Goto Kenjo Menuki Box

Goto Kenjo

Goto Kenjo (also known as Masatsugu) was born in 1586 and was the second son of Goto Tokujo, the 5th mainline master of the Goto lineage. He was not due to inherit the line as his older brother Eijo was the 6th mainline master. Eijo died young though and his own son was not ready, so Kenjo took over and became the 7th mainline master. Though Eijo's skill is questioned by Mosle (who also questions Teijo, I think both rather unfairly), Kenjo was quite excellent and showed some liberal taste in expanding the repertoire of the Goto family. The high level of his skill is testified in the fact that 42 of his works have passed Juyo, and three have passed Tokubetsu Juyo. For the count of Juyo works, only the 2nd master Sojo and 3rd Joshin have higher among the mainline Goto smiths and these numbers are only surpassed by Goto Ichijo out of all Goto makers.

As Yeijo’s son Sokujo was too young when his father died, his younger brother, Kenjo (Masatsugu), 1585-1663, became the successor of Yeijo. Kenjo brought new life into the school, and, contrary to his predecessors, took to new models, and his ornaments are not so rigid and more graceful. He was a very skilful master, and widened again the scope of the work, while he made whole sets (soroimono) of sword furniture. He also used copper and silver. Mosle, The Goto Shirobei Family

After Eijo's son Sokujo was of age and ready to take over, Kenjo alternated working one year each in Kyoto making tosogu for the Shogunate, and in Kanazawa, making tosogu for the Maeda daimyo. The school he founded working under the Maeda became known as Kaga Goto and their work is quite excellent. Goto Sokujo was also quite skilled, probably because he was taught by Kenjo, but unfortunately died in 1631 so Kenjo outlived him by a long time and Kenjo's son Teijo would go on to become the 9th master as Sokujo left nobody behind. Kenjo lived a long life and died in 1663 at 78 years old.

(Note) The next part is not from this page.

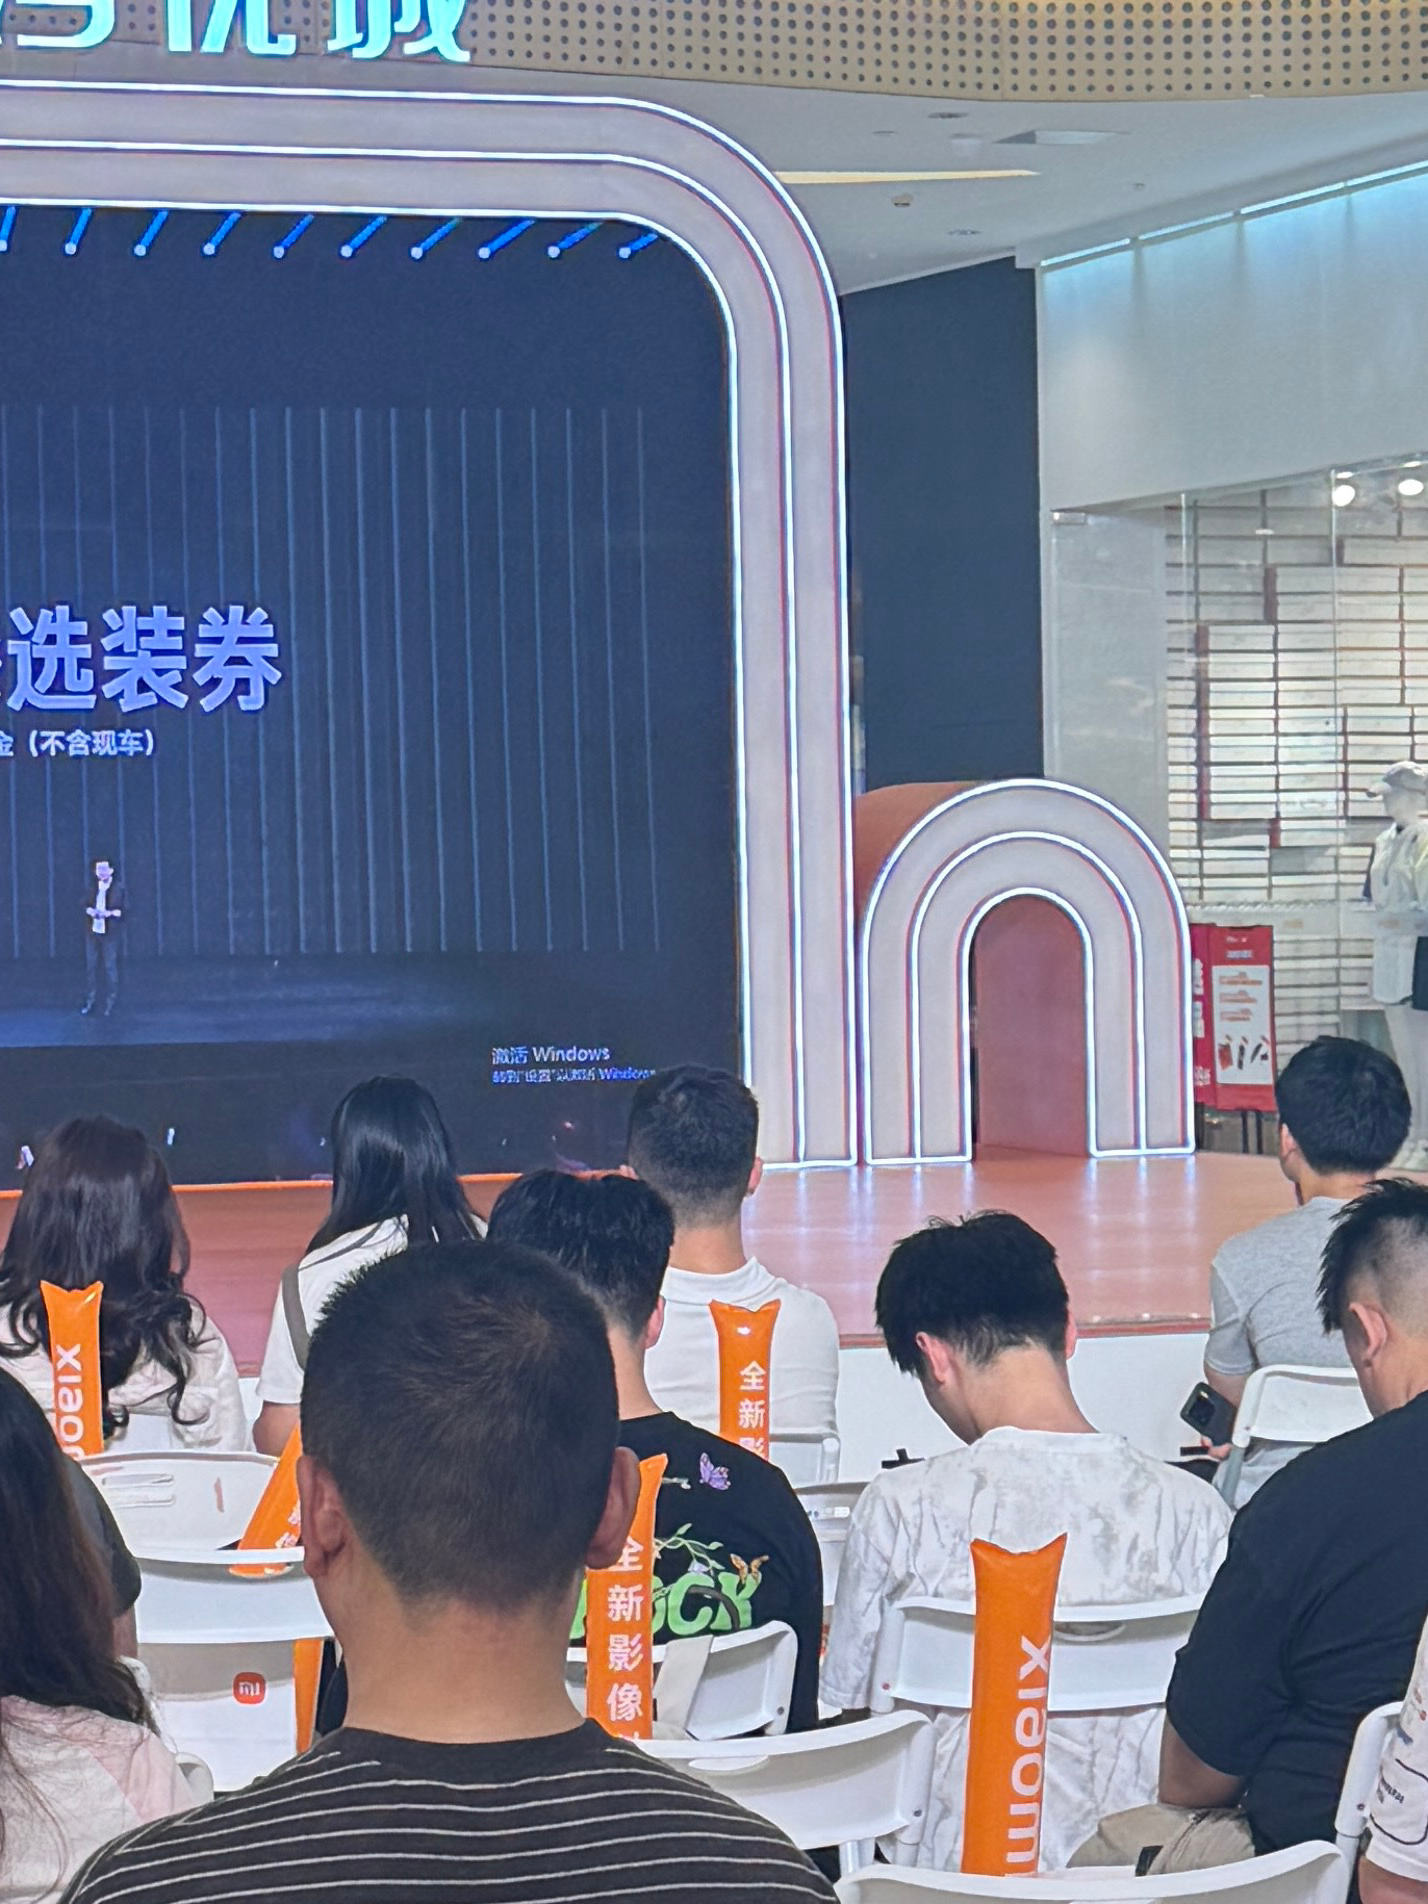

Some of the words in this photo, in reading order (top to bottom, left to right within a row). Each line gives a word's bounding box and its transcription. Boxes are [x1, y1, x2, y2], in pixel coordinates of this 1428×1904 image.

Goto Kenjō was the second son of the 5th generation Tokujō (徳乗). When his older brother Eijō (栄乗) – the 6th generation – died in Edo, the son and heir Sokujō (即乗) of the latter was too young and so Kenjō succeeded as 7th generation. In Kan´ei four or five (寛永, 1627~28), Sokujō became the 7th head of the Gotō family, and so Kenjō and his cousin Kakujō (覚乗) started to work for 150 koku for the Kaga Maeda family (前田) on a biannual basis. This laid the foundations for the flourishing of the Kaga-Gotō branch. NBTHK Juyo Tosogu reference

Tokubetsu Hozon Goto Kenjo Menuki
Goto Kenjo Menuki Origami

Tokubetsu Hozon Goto Kenjo Menuki

I bought these a long time ago as I was charmed on sight, and didn't paper them until recently. The box had a label on them saying Goto Tokujo, but there was no secure attribution. When I gave these to the NBTHK they came back as den Kenjo, indicating that they are probably overlapping with the style of Tokujo who is Kenjo's father, but the work is most likely to be Kenjo.

The gold in these menuki is high grade, and very heavy and there was no expense spared it seems when these were made. Since Kenjo worked both for the Tokugawa and specifically for the Maeda daimyo, this could be from either run. His work of course for the Kaga based Maeda daimyo created the Kaga-Goto school under him.

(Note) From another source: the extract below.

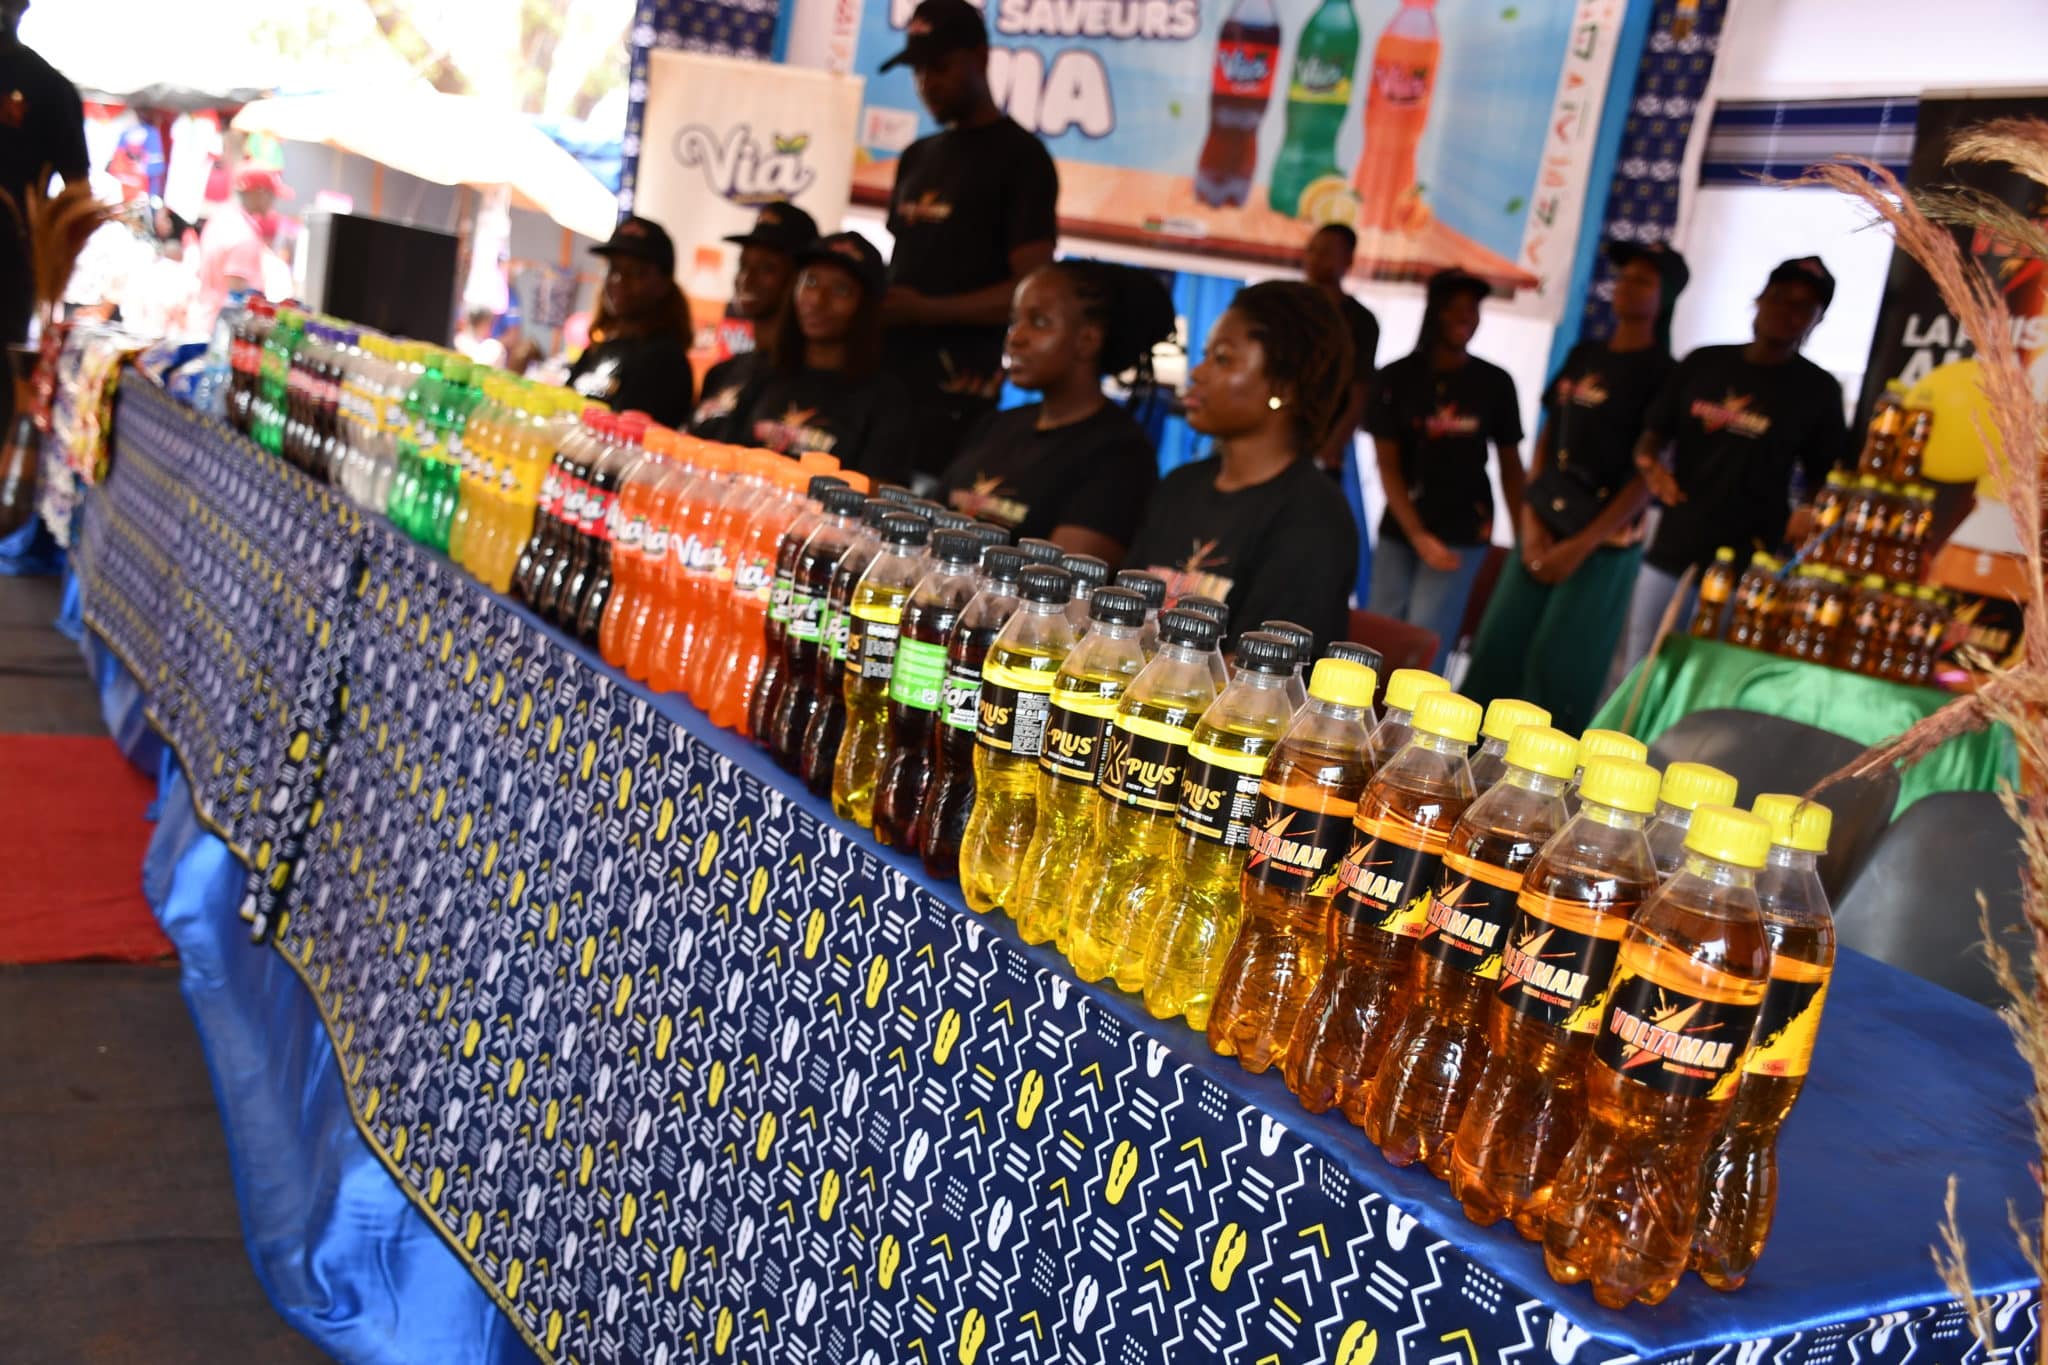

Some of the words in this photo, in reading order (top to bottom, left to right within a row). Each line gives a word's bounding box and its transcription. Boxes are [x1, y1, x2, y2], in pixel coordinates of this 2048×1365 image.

I always loved these menuki because of the monkeys natural and merry sentiment. I showed a friend once some years ago who felt the theme might be something a son would have made for a father in order to show his appreciation.

They come in a nice old box, as mentioned there is a label on the side of the box to Goto Tokujo on it, this was how I found them many years ago so I'm leaving it as it was found. Just in case you were wondering when you see it.